Because non-biological catalysts are often very small compounds, it is reasonable to wonder why biological catalysts, namely, enzymes, are so large.
With the possible exception of enzymes that are secreted by cells, most of a cell’s enzymes are either permanently or cyclically associated with membranes and other particulate cell components.
Indeed, in a few cells (e.g., Euglena and Neurospora), there appear to be no “soluble” enzymes at all.
Therefore, it is apparent that one or more parts of an enzyme’s structure are involved in interactions that localize that enzyme in or on a specific cellular component and may not be involved in the catalysis itself.
Most of a cell’s enzymes, catalyze reactions that are part of a metabolic pathway, that is, each enzyme catalyzes a reaction that is one step in a series of ordered steps. It appears that in some (perhaps many) cases, the enzymes of a metabolic pathway occur in close proximity to one another and interact with each other.

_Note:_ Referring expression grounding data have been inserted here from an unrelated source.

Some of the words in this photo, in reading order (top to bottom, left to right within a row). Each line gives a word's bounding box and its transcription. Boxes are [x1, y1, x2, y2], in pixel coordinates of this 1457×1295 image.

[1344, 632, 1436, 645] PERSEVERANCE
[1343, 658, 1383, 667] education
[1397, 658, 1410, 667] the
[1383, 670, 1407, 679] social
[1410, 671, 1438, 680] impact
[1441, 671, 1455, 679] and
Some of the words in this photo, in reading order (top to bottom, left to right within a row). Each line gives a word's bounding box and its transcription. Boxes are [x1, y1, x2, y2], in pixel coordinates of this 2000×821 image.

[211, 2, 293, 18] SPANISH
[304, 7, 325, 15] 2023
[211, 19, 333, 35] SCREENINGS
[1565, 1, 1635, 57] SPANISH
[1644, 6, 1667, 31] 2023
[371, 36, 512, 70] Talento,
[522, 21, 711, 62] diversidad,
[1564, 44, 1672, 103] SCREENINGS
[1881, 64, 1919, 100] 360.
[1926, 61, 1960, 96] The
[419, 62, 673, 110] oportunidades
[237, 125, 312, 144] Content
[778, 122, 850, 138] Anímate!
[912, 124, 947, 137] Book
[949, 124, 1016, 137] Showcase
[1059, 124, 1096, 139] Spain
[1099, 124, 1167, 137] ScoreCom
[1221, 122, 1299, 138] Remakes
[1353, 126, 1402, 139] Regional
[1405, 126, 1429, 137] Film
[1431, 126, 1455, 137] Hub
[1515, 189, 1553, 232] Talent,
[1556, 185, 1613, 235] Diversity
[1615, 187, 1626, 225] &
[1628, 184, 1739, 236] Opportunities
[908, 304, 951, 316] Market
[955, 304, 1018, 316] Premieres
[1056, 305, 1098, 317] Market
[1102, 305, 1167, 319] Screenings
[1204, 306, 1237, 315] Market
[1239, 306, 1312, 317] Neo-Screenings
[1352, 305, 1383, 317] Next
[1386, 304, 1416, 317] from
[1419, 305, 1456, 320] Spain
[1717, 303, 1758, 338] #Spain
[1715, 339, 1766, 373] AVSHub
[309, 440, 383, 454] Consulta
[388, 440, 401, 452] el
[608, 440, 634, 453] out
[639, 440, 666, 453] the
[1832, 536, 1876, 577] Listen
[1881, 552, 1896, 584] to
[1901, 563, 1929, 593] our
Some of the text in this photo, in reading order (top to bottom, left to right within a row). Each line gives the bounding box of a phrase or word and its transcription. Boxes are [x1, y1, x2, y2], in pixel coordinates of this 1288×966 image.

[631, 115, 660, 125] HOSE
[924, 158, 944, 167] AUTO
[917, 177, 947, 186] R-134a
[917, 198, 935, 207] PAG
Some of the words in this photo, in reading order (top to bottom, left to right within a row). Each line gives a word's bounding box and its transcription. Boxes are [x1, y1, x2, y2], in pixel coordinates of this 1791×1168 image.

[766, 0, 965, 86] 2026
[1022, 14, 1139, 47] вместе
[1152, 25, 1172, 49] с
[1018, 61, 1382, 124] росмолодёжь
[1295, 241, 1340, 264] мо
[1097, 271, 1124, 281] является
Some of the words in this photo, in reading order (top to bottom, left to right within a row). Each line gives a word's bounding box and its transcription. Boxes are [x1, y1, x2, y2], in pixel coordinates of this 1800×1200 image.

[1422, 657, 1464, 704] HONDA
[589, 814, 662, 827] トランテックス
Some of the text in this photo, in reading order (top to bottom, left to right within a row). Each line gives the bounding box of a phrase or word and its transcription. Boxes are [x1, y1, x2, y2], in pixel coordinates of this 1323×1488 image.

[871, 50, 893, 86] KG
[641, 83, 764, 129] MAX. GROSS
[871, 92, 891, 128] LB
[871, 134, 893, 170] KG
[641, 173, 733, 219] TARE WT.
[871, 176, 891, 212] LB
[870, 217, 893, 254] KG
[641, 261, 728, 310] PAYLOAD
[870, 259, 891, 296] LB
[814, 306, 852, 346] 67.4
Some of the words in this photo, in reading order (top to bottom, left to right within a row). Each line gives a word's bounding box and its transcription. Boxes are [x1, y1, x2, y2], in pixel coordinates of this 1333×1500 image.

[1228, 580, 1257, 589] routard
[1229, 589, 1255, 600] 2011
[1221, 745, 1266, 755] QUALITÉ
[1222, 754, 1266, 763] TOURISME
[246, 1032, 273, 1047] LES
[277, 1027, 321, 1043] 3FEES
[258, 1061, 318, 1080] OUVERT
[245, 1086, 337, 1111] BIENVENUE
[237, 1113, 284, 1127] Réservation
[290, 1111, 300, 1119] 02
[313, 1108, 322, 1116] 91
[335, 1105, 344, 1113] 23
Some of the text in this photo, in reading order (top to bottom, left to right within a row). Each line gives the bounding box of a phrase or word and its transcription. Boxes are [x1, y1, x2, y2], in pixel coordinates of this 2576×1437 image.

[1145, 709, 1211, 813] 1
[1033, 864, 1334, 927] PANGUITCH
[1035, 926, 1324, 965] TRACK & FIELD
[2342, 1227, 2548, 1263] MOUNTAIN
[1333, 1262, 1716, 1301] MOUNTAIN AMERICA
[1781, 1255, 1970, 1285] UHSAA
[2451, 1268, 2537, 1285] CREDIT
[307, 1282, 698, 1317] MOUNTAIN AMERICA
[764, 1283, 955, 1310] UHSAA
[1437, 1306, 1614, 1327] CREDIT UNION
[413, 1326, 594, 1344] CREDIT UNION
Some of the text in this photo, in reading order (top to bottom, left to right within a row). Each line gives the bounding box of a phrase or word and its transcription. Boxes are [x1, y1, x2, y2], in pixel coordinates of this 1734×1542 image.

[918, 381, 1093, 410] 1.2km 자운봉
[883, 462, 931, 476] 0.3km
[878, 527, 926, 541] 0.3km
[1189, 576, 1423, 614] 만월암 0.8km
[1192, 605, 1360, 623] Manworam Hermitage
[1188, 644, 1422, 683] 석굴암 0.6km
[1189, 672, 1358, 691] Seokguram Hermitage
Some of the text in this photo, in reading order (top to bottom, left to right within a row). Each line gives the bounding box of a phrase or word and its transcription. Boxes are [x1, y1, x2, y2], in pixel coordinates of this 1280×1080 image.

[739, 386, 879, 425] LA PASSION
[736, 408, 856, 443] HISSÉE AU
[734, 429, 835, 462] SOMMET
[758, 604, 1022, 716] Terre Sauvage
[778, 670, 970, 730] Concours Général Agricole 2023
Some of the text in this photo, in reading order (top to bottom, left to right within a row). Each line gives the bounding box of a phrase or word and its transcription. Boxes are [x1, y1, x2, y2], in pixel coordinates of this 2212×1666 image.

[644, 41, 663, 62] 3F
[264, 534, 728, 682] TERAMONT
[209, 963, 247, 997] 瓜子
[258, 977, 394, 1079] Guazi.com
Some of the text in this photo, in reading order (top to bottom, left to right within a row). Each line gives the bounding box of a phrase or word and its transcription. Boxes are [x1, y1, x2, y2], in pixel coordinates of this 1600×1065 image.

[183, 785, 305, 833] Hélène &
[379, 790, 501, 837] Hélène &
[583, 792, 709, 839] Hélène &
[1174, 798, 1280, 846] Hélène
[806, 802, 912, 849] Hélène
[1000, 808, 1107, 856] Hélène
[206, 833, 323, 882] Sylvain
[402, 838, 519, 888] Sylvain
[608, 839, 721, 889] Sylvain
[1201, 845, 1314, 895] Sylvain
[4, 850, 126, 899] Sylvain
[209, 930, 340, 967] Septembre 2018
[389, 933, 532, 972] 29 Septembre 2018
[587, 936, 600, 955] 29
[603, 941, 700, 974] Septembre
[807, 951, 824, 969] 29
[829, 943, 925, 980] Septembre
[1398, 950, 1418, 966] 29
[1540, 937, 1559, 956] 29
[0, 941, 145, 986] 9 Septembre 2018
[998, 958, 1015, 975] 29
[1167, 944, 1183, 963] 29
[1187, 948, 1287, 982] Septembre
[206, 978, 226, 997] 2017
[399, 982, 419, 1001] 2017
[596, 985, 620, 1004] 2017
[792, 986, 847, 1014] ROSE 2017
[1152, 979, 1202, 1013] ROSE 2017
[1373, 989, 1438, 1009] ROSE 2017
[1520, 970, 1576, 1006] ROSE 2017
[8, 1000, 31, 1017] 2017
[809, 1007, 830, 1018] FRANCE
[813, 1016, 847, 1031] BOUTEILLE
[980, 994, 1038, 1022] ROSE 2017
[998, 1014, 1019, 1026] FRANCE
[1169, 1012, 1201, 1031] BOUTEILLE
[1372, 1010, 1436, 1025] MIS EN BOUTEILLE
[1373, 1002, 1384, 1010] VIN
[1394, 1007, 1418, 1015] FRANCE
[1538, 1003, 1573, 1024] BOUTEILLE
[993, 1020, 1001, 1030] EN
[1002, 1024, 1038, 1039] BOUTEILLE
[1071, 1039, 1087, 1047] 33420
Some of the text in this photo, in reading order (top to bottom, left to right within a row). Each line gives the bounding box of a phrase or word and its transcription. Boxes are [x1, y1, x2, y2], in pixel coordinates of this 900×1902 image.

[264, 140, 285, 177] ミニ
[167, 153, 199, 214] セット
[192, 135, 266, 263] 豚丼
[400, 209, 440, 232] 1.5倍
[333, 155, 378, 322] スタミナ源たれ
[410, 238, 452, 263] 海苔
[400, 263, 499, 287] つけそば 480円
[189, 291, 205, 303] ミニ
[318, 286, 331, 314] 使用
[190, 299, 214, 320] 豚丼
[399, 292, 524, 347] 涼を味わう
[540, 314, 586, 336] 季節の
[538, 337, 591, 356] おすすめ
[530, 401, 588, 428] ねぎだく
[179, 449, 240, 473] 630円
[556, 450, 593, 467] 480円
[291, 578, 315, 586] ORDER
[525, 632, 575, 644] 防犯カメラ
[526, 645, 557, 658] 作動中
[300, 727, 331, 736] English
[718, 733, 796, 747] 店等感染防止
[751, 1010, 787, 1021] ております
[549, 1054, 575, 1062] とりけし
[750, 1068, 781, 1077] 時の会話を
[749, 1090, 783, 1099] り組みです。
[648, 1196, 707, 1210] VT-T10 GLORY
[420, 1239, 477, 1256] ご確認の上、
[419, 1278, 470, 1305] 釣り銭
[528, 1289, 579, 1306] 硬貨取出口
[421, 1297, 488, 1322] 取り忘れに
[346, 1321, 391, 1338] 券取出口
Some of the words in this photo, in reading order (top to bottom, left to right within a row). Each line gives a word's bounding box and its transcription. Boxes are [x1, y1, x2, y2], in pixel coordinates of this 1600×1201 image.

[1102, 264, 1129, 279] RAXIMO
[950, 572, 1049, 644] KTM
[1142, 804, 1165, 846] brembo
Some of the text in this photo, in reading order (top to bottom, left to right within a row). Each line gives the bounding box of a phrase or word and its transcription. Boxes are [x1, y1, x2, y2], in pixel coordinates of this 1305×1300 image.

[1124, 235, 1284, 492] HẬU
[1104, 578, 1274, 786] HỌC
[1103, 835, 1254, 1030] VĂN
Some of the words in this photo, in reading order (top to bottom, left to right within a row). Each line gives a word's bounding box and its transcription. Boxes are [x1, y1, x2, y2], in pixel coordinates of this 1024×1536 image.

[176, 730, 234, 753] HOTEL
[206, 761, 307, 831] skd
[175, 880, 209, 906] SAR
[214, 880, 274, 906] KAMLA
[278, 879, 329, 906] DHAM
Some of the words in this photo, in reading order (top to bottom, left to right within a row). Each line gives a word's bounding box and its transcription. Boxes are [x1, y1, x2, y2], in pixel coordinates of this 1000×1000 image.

Thus, still another portion of an enzyme’s total structure plays a role in this interaction. The localization of enzymes within a cell and the interactions between enzymes of a metabolic pathway.
Some parts of an enzyme may have no direct role in catalysis or in interaction with other enzymes or with intracellular membranes. For example, recent studies ‘ suggest that random, nonspecific binding of a substrate to sites on an enzyme’s surface other than the active site may enhance diffusion of the substrate to the active site.
Physicochemical studies indicate that an enzyme would have to have a surface area in excess of 1000 Å2 to exhibit even limited interactions with molecules other than the enzyme’s substrate. For proteins, this minimum surface area corresponds to a molecular weight of about 10,000. Therefore, it is not surprising that most enzymes have molecular weights that are greater than this.